§ **Exercise description**: Set the entries down again exactly; none may be skipped.

(Source data Opens)

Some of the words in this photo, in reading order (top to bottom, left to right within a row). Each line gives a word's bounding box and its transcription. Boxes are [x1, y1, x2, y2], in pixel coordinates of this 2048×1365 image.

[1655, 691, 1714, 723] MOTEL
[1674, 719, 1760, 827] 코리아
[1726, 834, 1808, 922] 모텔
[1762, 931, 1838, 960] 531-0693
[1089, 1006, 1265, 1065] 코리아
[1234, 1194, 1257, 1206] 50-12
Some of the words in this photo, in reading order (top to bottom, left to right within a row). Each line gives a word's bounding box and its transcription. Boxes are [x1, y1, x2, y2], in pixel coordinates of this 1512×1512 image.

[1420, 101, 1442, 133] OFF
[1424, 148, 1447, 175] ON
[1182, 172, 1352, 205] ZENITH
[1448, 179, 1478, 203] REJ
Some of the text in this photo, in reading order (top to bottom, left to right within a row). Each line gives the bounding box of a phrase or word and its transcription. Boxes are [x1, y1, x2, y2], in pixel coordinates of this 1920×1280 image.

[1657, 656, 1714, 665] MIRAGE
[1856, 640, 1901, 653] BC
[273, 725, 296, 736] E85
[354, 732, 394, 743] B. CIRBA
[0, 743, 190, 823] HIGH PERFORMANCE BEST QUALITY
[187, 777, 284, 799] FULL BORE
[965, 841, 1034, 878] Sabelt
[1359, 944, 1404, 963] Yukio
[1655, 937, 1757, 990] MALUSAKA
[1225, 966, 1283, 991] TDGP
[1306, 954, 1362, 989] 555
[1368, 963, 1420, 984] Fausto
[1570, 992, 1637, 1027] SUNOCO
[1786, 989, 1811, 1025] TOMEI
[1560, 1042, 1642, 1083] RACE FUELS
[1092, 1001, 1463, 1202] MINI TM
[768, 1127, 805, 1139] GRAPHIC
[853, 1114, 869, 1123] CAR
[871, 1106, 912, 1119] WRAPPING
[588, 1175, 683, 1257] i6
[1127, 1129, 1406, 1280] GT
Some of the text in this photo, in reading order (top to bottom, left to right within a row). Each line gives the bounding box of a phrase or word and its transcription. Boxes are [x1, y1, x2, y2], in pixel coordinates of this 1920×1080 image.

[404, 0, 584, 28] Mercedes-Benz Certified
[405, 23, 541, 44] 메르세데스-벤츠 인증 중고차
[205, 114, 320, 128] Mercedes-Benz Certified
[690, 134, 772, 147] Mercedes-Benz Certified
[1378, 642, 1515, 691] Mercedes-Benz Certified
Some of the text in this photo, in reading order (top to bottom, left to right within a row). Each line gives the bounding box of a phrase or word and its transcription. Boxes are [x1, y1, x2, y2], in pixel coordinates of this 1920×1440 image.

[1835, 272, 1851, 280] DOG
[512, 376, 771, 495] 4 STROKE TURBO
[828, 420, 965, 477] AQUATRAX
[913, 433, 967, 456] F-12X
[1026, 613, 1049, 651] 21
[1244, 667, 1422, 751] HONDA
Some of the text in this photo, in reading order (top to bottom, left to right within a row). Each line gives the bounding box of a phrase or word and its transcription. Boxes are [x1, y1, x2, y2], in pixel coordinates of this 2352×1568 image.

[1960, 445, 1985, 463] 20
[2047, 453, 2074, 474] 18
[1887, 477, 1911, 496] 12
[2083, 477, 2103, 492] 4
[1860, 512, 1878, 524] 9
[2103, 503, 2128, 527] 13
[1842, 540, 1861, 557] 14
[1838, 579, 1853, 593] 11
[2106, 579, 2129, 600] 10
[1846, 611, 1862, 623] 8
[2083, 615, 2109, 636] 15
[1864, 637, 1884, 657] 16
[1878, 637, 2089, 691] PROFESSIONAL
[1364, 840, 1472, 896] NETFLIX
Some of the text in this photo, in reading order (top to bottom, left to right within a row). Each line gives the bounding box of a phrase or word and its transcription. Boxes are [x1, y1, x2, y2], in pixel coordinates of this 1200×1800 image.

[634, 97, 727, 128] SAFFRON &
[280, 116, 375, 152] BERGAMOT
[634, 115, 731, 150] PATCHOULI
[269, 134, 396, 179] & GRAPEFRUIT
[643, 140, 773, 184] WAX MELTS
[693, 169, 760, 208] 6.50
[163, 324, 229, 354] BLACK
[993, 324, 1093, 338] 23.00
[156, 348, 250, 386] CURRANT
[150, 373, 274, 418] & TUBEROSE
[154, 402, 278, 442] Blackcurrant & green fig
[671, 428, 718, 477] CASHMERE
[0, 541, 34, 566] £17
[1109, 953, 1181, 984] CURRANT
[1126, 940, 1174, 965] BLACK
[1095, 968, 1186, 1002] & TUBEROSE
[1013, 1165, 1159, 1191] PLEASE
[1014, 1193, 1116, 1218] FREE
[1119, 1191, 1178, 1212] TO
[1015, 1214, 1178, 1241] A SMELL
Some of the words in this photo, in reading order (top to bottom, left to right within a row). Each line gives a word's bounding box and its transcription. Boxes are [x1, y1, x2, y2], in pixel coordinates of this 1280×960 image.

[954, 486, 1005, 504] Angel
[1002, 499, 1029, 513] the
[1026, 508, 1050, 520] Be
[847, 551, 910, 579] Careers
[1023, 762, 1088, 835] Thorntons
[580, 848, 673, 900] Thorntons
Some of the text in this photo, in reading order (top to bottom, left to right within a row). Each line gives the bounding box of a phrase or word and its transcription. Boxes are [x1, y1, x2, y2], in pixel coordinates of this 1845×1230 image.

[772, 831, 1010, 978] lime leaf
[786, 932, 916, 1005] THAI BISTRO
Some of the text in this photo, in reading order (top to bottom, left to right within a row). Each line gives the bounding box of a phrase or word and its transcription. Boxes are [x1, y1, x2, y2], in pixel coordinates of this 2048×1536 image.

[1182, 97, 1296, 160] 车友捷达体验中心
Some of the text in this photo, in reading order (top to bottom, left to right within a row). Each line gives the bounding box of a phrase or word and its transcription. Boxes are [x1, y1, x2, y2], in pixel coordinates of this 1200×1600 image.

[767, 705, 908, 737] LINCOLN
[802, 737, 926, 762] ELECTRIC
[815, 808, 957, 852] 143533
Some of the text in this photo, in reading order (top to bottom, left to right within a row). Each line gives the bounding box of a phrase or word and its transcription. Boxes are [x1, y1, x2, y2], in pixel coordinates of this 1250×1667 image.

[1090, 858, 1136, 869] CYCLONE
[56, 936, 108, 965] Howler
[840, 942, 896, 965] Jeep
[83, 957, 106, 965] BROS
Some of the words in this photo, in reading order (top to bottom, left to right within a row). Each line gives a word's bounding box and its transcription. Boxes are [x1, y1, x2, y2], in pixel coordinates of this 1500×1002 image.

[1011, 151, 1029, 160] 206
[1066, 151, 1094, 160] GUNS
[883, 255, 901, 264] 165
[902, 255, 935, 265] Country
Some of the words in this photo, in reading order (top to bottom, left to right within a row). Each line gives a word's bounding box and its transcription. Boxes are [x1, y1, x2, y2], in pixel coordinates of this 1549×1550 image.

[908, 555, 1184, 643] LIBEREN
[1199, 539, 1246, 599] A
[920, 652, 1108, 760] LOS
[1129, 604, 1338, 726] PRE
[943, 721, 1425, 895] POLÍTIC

(Source data Closes)

§ **Task result**:
Some of the words in this photo, in reading order (top to bottom, left to right within a row). Each line gives a word's bounding box and its transcription. Boxes are [x1, y1, x2, y2], in pixel coordinates of this 2048×1365 image.

[1655, 691, 1714, 723] MOTEL
[1674, 719, 1760, 827] 코리아
[1726, 834, 1808, 922] 모텔
[1762, 931, 1838, 960] 531-0693
[1089, 1006, 1265, 1065] 코리아
[1234, 1194, 1257, 1206] 50-12
Some of the words in this photo, in reading order (top to bottom, left to right within a row). Each line gives a word's bounding box and its transcription. Boxes are [x1, y1, x2, y2], in pixel coordinates of this 1512×1512 image.

[1420, 101, 1442, 133] OFF
[1424, 148, 1447, 175] ON
[1182, 172, 1352, 205] ZENITH
[1448, 179, 1478, 203] REJ
Some of the text in this photo, in reading order (top to bottom, left to right within a row). Each line gives the bounding box of a phrase or word and its transcription. Boxes are [x1, y1, x2, y2], in pixel coordinates of this 1920×1280 image.

[1657, 656, 1714, 665] MIRAGE
[1856, 640, 1901, 653] BC
[273, 725, 296, 736] E85
[354, 732, 394, 743] B. CIRBA
[0, 743, 190, 823] HIGH PERFORMANCE BEST QUALITY
[187, 777, 284, 799] FULL BORE
[965, 841, 1034, 878] Sabelt
[1359, 944, 1404, 963] Yukio
[1655, 937, 1757, 990] MALUSAKA
[1225, 966, 1283, 991] TDGP
[1306, 954, 1362, 989] 555
[1368, 963, 1420, 984] Fausto
[1570, 992, 1637, 1027] SUNOCO
[1786, 989, 1811, 1025] TOMEI
[1560, 1042, 1642, 1083] RACE FUELS
[1092, 1001, 1463, 1202] MINI TM
[768, 1127, 805, 1139] GRAPHIC
[853, 1114, 869, 1123] CAR
[871, 1106, 912, 1119] WRAPPING
[588, 1175, 683, 1257] i6
[1127, 1129, 1406, 1280] GT
Some of the text in this photo, in reading order (top to bottom, left to right within a row). Each line gives the bounding box of a phrase or word and its transcription. Boxes are [x1, y1, x2, y2], in pixel coordinates of this 1920×1080 image.

[404, 0, 584, 28] Mercedes-Benz Certified
[405, 23, 541, 44] 메르세데스-벤츠 인증 중고차
[205, 114, 320, 128] Mercedes-Benz Certified
[690, 134, 772, 147] Mercedes-Benz Certified
[1378, 642, 1515, 691] Mercedes-Benz Certified
Some of the text in this photo, in reading order (top to bottom, left to right within a row). Each line gives the bounding box of a phrase or word and its transcription. Boxes are [x1, y1, x2, y2], in pixel coordinates of this 1920×1440 image.

[1835, 272, 1851, 280] DOG
[512, 376, 771, 495] 4 STROKE TURBO
[828, 420, 965, 477] AQUATRAX
[913, 433, 967, 456] F-12X
[1026, 613, 1049, 651] 21
[1244, 667, 1422, 751] HONDA
Some of the text in this photo, in reading order (top to bottom, left to right within a row). Each line gives the bounding box of a phrase or word and its transcription. Boxes are [x1, y1, x2, y2], in pixel coordinates of this 2352×1568 image.

[1960, 445, 1985, 463] 20
[2047, 453, 2074, 474] 18
[1887, 477, 1911, 496] 12
[2083, 477, 2103, 492] 4
[1860, 512, 1878, 524] 9
[2103, 503, 2128, 527] 13
[1842, 540, 1861, 557] 14
[1838, 579, 1853, 593] 11
[2106, 579, 2129, 600] 10
[1846, 611, 1862, 623] 8
[2083, 615, 2109, 636] 15
[1864, 637, 1884, 657] 16
[1878, 637, 2089, 691] PROFESSIONAL
[1364, 840, 1472, 896] NETFLIX
Some of the text in this photo, in reading order (top to bottom, left to right within a row). Each line gives the bounding box of a phrase or word and its transcription. Boxes are [x1, y1, x2, y2], in pixel coordinates of this 1200×1800 image.

[634, 97, 727, 128] SAFFRON &
[280, 116, 375, 152] BERGAMOT
[634, 115, 731, 150] PATCHOULI
[269, 134, 396, 179] & GRAPEFRUIT
[643, 140, 773, 184] WAX MELTS
[693, 169, 760, 208] 6.50
[163, 324, 229, 354] BLACK
[993, 324, 1093, 338] 23.00
[156, 348, 250, 386] CURRANT
[150, 373, 274, 418] & TUBEROSE
[154, 402, 278, 442] Blackcurrant & green fig
[671, 428, 718, 477] CASHMERE
[0, 541, 34, 566] £17
[1109, 953, 1181, 984] CURRANT
[1126, 940, 1174, 965] BLACK
[1095, 968, 1186, 1002] & TUBEROSE
[1013, 1165, 1159, 1191] PLEASE
[1014, 1193, 1116, 1218] FREE
[1119, 1191, 1178, 1212] TO
[1015, 1214, 1178, 1241] A SMELL
Some of the words in this photo, in reading order (top to bottom, left to right within a row). Each line gives a word's bounding box and its transcription. Boxes are [x1, y1, x2, y2], in pixel coordinates of this 1280×960 image.

[954, 486, 1005, 504] Angel
[1002, 499, 1029, 513] the
[1026, 508, 1050, 520] Be
[847, 551, 910, 579] Careers
[1023, 762, 1088, 835] Thorntons
[580, 848, 673, 900] Thorntons
Some of the text in this photo, in reading order (top to bottom, left to right within a row). Each line gives the bounding box of a phrase or word and its transcription. Boxes are [x1, y1, x2, y2], in pixel coordinates of this 1845×1230 image.

[772, 831, 1010, 978] lime leaf
[786, 932, 916, 1005] THAI BISTRO
Some of the text in this photo, in reading order (top to bottom, left to right within a row). Each line gives the bounding box of a phrase or word and its transcription. Boxes are [x1, y1, x2, y2], in pixel coordinates of this 2048×1536 image.

[1182, 97, 1296, 160] 车友捷达体验中心
Some of the text in this photo, in reading order (top to bottom, left to right within a row). Each line gives the bounding box of a phrase or word and its transcription. Boxes are [x1, y1, x2, y2], in pixel coordinates of this 1200×1600 image.

[767, 705, 908, 737] LINCOLN
[802, 737, 926, 762] ELECTRIC
[815, 808, 957, 852] 143533
Some of the text in this photo, in reading order (top to bottom, left to right within a row). Each line gives the bounding box of a phrase or word and its transcription. Boxes are [x1, y1, x2, y2], in pixel coordinates of this 1250×1667 image.

[1090, 858, 1136, 869] CYCLONE
[56, 936, 108, 965] Howler
[840, 942, 896, 965] Jeep
[83, 957, 106, 965] BROS
Some of the words in this photo, in reading order (top to bottom, left to right within a row). Each line gives a word's bounding box and its transcription. Boxes are [x1, y1, x2, y2], in pixel coordinates of this 1500×1002 image.

[1011, 151, 1029, 160] 206
[1066, 151, 1094, 160] GUNS
[883, 255, 901, 264] 165
[902, 255, 935, 265] Country
Some of the words in this photo, in reading order (top to bottom, left to right within a row). Each line gives a word's bounding box and its transcription. Boxes are [x1, y1, x2, y2], in pixel coordinates of this 1549×1550 image.

[908, 555, 1184, 643] LIBEREN
[1199, 539, 1246, 599] A
[920, 652, 1108, 760] LOS
[1129, 604, 1338, 726] PRE
[943, 721, 1425, 895] POLÍTIC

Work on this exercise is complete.